Si azzardò allora a scostare gli intricati rami dietro cui si celava qualcosa o qualcuno. Chi c'è?, riuscì ad emettere un fil di fiato, chi sei? manifestati o sparisci per sempre, alzò i decibel della voce. E per farsi coraggio, non che gli mancasse ma a volte le gambe fanno giacomo-giacomo da sole, strinse con entrambe le mani la croce di legno del rosario che portava al collo.
Probabilmente si sarebbe aspettato una risposta enigmatica, tipo: Sono Colui che Sono. Oppure: chi mi ha invocato? Per poi ritrovarsi al cospetto del Nuovo Nerone armato di un fantasmagorico scettro luminoso con cui incenerire alberi, piante, esseri viventi. Invece, niente di tutto questo. A dir la verità fu un po' deluso quando scorse una forma umana, piccola, dai capelli lunghi con le treccine e lo sguardo smarrito: una bimba rannicchiata in posizione fetale e tremante, imbrattata di uno strato di fango che sembrava stampato sul suo corpo come il tessuto di un indumento fradicio. Realizzò allora che la natura di quel suono, di quella vibrazione dell'aria che aveva frettolososamente attribuito ad una fantasmagorica presenza mostruosa, altro non era che il tremore della poverella che batteva i denti per lo spavento e per il freddo.

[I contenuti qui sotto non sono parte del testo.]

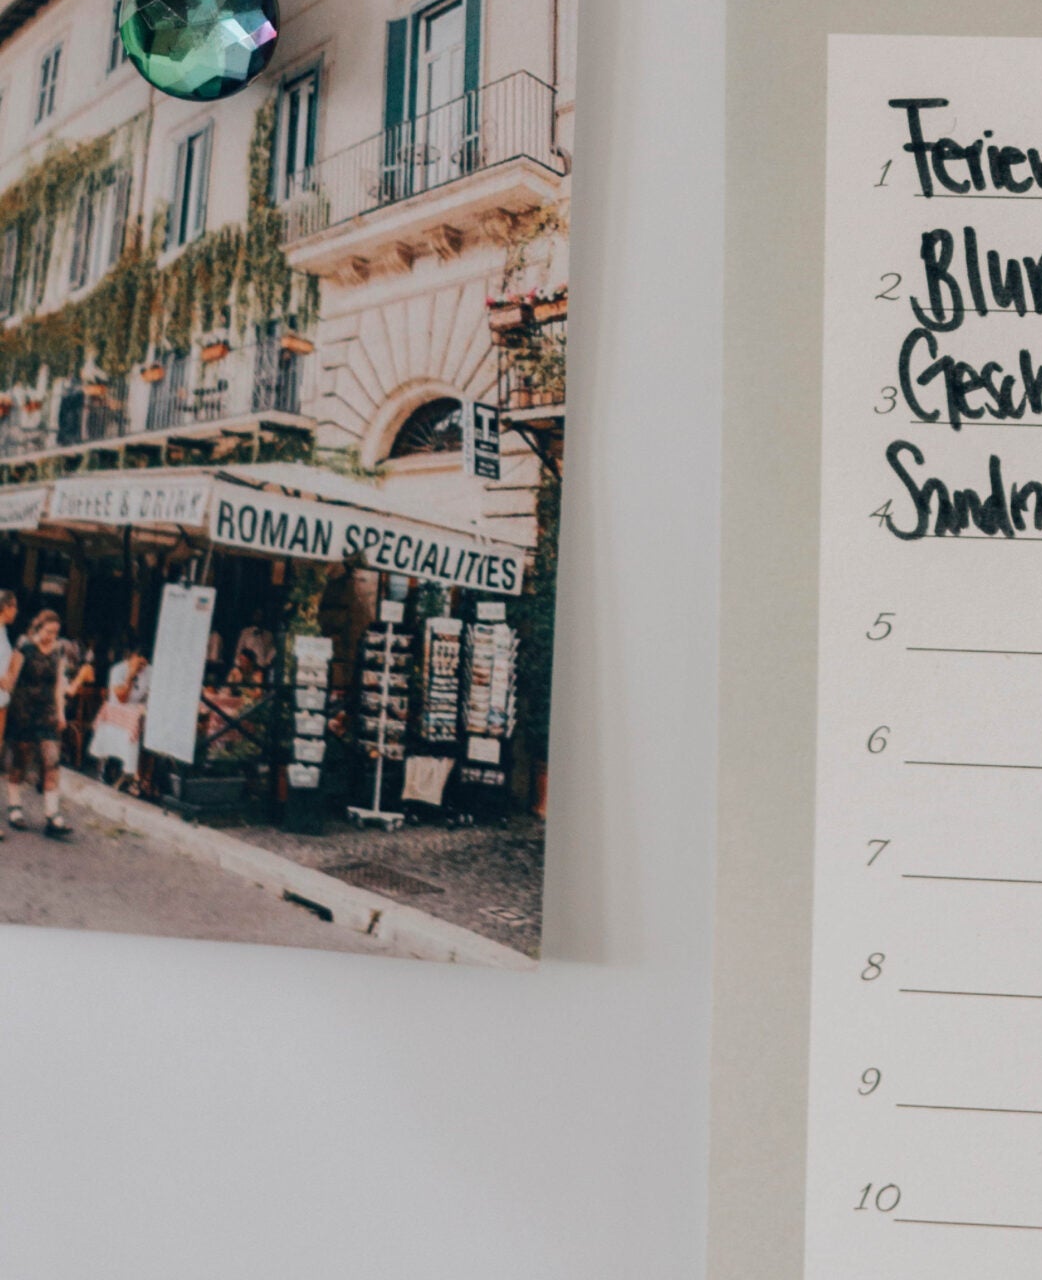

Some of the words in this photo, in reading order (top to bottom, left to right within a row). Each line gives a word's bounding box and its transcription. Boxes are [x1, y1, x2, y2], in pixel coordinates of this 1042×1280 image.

[873, 159, 893, 188] 1
[874, 272, 902, 301] 2
[873, 385, 898, 415] 3
[216, 499, 333, 556] ROMAN
[342, 523, 517, 591] SPECIALITIES
[865, 612, 896, 641] 5
[866, 725, 891, 754] 6
[866, 839, 891, 867] 7
[860, 952, 886, 982] 8
[857, 1067, 882, 1097] 9
[853, 1182, 902, 1213] 10

- Chi sei? Che ti è successo? Da dove vieni? - chiese Don Dino sfilandosi il mantello del saio per coprire la bimba dalla quale però non ottenne risposta. - Non aver paura, è finito, è passato tutto. Sei ferita?

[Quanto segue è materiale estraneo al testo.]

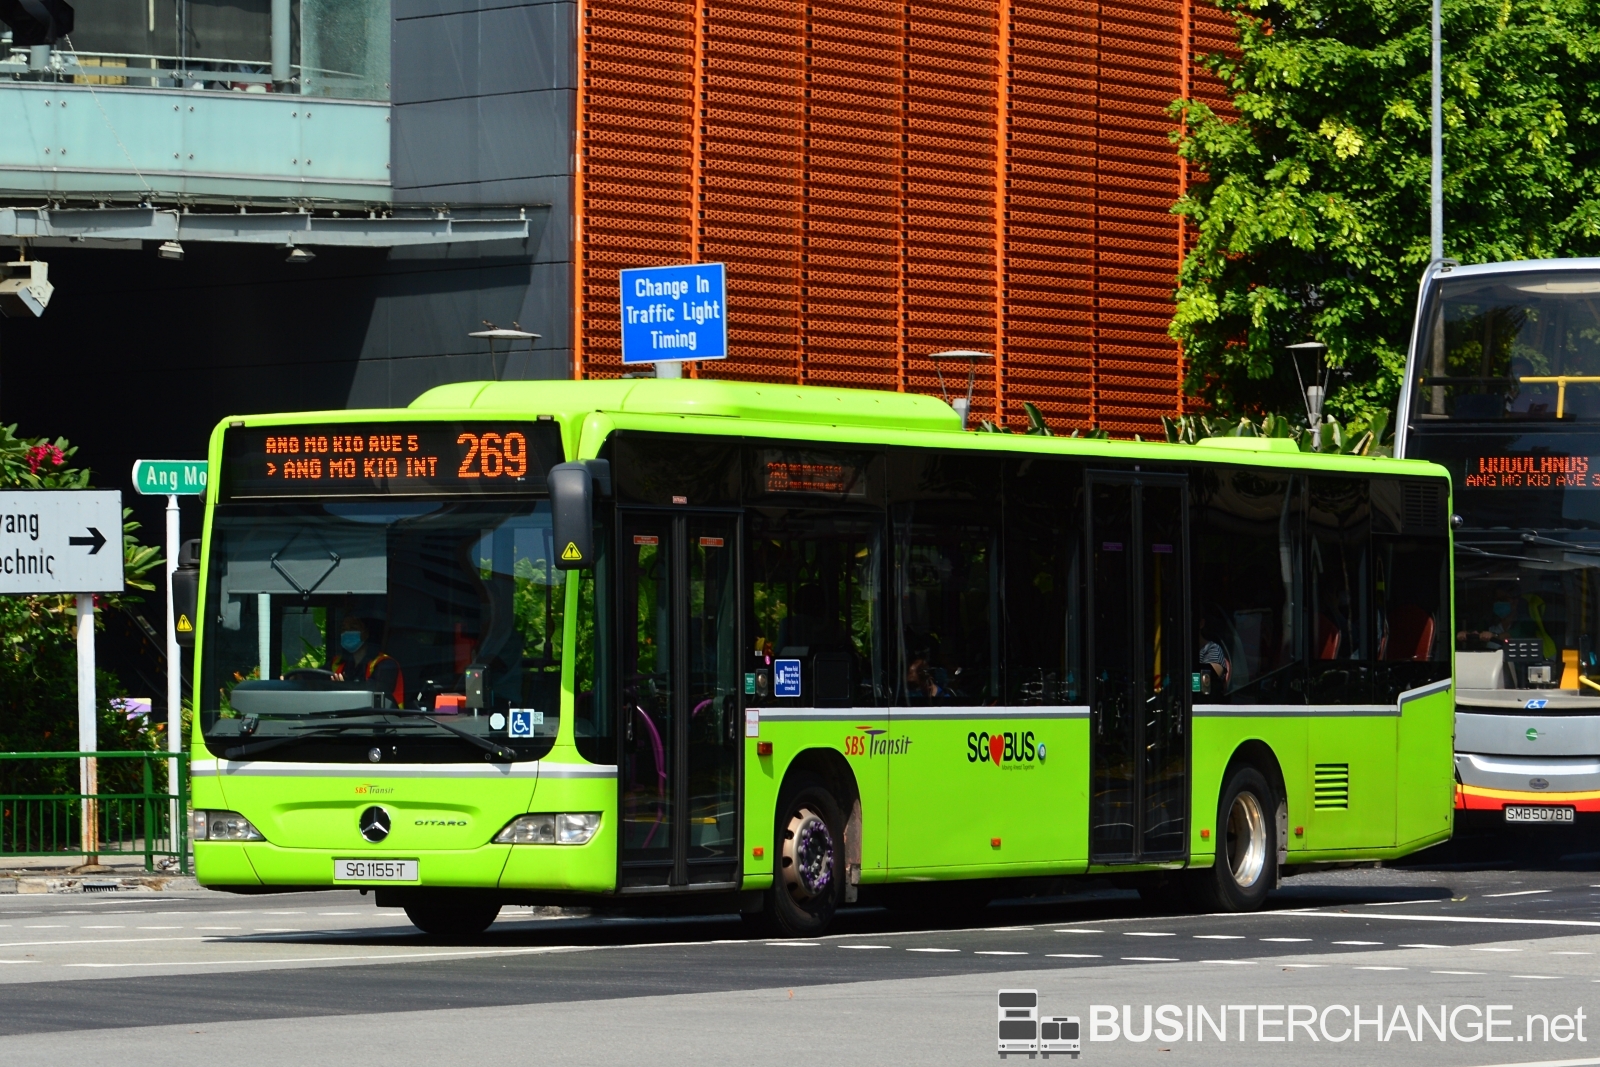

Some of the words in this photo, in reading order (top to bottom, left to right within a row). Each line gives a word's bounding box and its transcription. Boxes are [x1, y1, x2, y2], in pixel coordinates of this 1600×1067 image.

[635, 278, 689, 301] Change
[696, 274, 710, 294] In
[626, 303, 676, 325] Traffic
[683, 300, 720, 326] Light
[650, 329, 697, 351] Timing
[265, 436, 299, 454] ANG
[304, 436, 328, 453] MO
[333, 435, 364, 453] KIO
[368, 435, 402, 452] AVE
[407, 435, 419, 452] 5
[456, 431, 527, 478] 269
[146, 465, 178, 491] Ang
[184, 465, 207, 486] Mo
[283, 458, 322, 479] ANG
[329, 457, 356, 478] MO
[363, 457, 398, 478] KIO
[405, 456, 438, 477] INT
[1466, 474, 1497, 487] ANG
[1501, 474, 1522, 487] MO
[1527, 474, 1551, 487] KIO
[1556, 473, 1587, 487] AVE
[844, 735, 865, 756] SBS
[864, 729, 913, 760] Transit
[355, 786, 368, 794] SBS
[367, 784, 395, 795] Transit
[1507, 808, 1573, 821] SMB5078D

La bimba dagli occhi verdi come la corrente dell'Aniene lo guardò; pareva un gattino salvato da un buon samaritano, però con un'espressione dubbiosa, di diffidente riconoscenza, incerta dei possibili nuovi pericoli cui può andare incontro un esserino indifeso in balia di sconosciuti, che sappiamo?, finendo in cattive mani, passando insomma dalla padella alla brace.

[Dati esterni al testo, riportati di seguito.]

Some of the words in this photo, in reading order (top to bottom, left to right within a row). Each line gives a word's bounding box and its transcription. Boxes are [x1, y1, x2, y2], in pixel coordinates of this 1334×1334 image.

- Non temere, ora sei al sicuro - cercò di calmare la trovatella che gli svenne tra le braccia come per abbandonarsi ad un sonno ristoratore. A Don Dino parve di sollevare una piuma, la strinse a sé e cercò di sbrigarsi per raggiungere il Pronto Soccorso giù a valle prima possibile.

* * *

Il racconto richiede ora l'intervento del lettore, un piccolo sforzo per andare avanti: mettiamo dunque le lancette dell'orologio indietro di una sessantina di mi-nuti. Come è possibile, andare indietro per continuare ad andare avanti? Sembra un controsenso. E in un certo qual modo lo è davvero. Tuttavia non si possono raccontare contemporaneamente i molteplici eventi temporali di una storia. Il fiume del Prima e il fiume del Dopo scorrono insieme ma non potranno mai mischiare le loro acque.